All of the records shown below need to be copied with no differences.

::: The input :::

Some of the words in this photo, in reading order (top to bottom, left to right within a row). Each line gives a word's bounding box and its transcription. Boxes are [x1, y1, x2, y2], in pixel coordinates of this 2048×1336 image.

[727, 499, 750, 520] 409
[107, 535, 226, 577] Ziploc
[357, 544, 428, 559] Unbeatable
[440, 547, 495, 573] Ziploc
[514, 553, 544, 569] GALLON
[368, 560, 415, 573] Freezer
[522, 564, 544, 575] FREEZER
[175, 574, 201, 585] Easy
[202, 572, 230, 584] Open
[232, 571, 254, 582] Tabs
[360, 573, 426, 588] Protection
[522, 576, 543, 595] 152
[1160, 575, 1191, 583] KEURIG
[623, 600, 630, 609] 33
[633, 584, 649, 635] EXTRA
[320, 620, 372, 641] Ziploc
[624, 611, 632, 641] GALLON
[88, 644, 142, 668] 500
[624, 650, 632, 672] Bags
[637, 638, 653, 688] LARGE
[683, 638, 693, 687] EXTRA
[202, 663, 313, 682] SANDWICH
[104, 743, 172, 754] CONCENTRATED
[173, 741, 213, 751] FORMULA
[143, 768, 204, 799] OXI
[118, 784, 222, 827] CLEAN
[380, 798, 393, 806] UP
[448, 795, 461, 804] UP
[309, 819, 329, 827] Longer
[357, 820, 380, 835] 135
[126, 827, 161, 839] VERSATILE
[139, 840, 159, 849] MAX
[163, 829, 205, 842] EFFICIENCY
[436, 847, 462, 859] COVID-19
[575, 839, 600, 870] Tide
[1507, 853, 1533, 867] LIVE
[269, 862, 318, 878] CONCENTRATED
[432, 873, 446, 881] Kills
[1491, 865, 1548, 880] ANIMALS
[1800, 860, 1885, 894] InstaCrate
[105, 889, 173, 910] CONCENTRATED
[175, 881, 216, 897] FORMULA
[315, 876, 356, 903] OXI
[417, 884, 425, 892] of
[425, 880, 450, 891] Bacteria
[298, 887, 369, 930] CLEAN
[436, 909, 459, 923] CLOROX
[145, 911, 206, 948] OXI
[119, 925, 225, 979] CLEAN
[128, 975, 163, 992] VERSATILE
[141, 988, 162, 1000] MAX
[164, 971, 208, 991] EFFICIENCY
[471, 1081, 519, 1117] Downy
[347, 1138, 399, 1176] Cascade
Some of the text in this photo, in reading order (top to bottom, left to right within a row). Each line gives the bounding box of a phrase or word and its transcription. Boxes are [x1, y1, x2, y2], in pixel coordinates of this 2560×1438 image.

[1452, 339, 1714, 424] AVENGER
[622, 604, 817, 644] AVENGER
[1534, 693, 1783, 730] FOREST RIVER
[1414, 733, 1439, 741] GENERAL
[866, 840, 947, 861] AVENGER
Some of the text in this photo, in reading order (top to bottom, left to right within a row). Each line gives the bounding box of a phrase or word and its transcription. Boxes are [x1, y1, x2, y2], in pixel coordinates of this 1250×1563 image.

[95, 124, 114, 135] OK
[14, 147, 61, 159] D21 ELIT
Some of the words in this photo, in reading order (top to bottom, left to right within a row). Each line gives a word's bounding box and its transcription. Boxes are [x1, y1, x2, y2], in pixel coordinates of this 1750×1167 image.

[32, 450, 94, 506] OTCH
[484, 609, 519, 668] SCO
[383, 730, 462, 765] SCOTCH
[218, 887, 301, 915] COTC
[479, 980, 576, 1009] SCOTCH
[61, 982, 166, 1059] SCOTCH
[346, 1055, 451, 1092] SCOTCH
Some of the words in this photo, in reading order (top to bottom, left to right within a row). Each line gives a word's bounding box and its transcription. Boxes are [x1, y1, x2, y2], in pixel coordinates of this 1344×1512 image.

:::

### Written answer
Some of the words in this photo, in reading order (top to bottom, left to right within a row). Each line gives a word's bounding box and its transcription. Boxes are [x1, y1, x2, y2], in pixel coordinates of this 2048×1336 image.

[727, 499, 750, 520] 409
[107, 535, 226, 577] Ziploc
[357, 544, 428, 559] Unbeatable
[440, 547, 495, 573] Ziploc
[514, 553, 544, 569] GALLON
[368, 560, 415, 573] Freezer
[522, 564, 544, 575] FREEZER
[175, 574, 201, 585] Easy
[202, 572, 230, 584] Open
[232, 571, 254, 582] Tabs
[360, 573, 426, 588] Protection
[522, 576, 543, 595] 152
[1160, 575, 1191, 583] KEURIG
[623, 600, 630, 609] 33
[633, 584, 649, 635] EXTRA
[320, 620, 372, 641] Ziploc
[624, 611, 632, 641] GALLON
[88, 644, 142, 668] 500
[624, 650, 632, 672] Bags
[637, 638, 653, 688] LARGE
[683, 638, 693, 687] EXTRA
[202, 663, 313, 682] SANDWICH
[104, 743, 172, 754] CONCENTRATED
[173, 741, 213, 751] FORMULA
[143, 768, 204, 799] OXI
[118, 784, 222, 827] CLEAN
[380, 798, 393, 806] UP
[448, 795, 461, 804] UP
[309, 819, 329, 827] Longer
[357, 820, 380, 835] 135
[126, 827, 161, 839] VERSATILE
[139, 840, 159, 849] MAX
[163, 829, 205, 842] EFFICIENCY
[436, 847, 462, 859] COVID-19
[575, 839, 600, 870] Tide
[1507, 853, 1533, 867] LIVE
[269, 862, 318, 878] CONCENTRATED
[432, 873, 446, 881] Kills
[1491, 865, 1548, 880] ANIMALS
[1800, 860, 1885, 894] InstaCrate
[105, 889, 173, 910] CONCENTRATED
[175, 881, 216, 897] FORMULA
[315, 876, 356, 903] OXI
[417, 884, 425, 892] of
[425, 880, 450, 891] Bacteria
[298, 887, 369, 930] CLEAN
[436, 909, 459, 923] CLOROX
[145, 911, 206, 948] OXI
[119, 925, 225, 979] CLEAN
[128, 975, 163, 992] VERSATILE
[141, 988, 162, 1000] MAX
[164, 971, 208, 991] EFFICIENCY
[471, 1081, 519, 1117] Downy
[347, 1138, 399, 1176] Cascade
Some of the text in this photo, in reading order (top to bottom, left to right within a row). Each line gives the bounding box of a phrase or word and its transcription. Boxes are [x1, y1, x2, y2], in pixel coordinates of this 2560×1438 image.

[1452, 339, 1714, 424] AVENGER
[622, 604, 817, 644] AVENGER
[1534, 693, 1783, 730] FOREST RIVER
[1414, 733, 1439, 741] GENERAL
[866, 840, 947, 861] AVENGER
Some of the text in this photo, in reading order (top to bottom, left to right within a row). Each line gives the bounding box of a phrase or word and its transcription. Boxes are [x1, y1, x2, y2], in pixel coordinates of this 1250×1563 image.

[95, 124, 114, 135] OK
[14, 147, 61, 159] D21 ELIT
Some of the words in this photo, in reading order (top to bottom, left to right within a row). Each line gives a word's bounding box and its transcription. Boxes are [x1, y1, x2, y2], in pixel coordinates of this 1750×1167 image.

[32, 450, 94, 506] OTCH
[484, 609, 519, 668] SCO
[383, 730, 462, 765] SCOTCH
[218, 887, 301, 915] COTC
[479, 980, 576, 1009] SCOTCH
[61, 982, 166, 1059] SCOTCH
[346, 1055, 451, 1092] SCOTCH
Some of the words in this photo, in reading order (top to bottom, left to right within a row). Each line gives a word's bounding box and its transcription. Boxes are [x1, y1, x2, y2], in pixel coordinates of this 1344×1512 image.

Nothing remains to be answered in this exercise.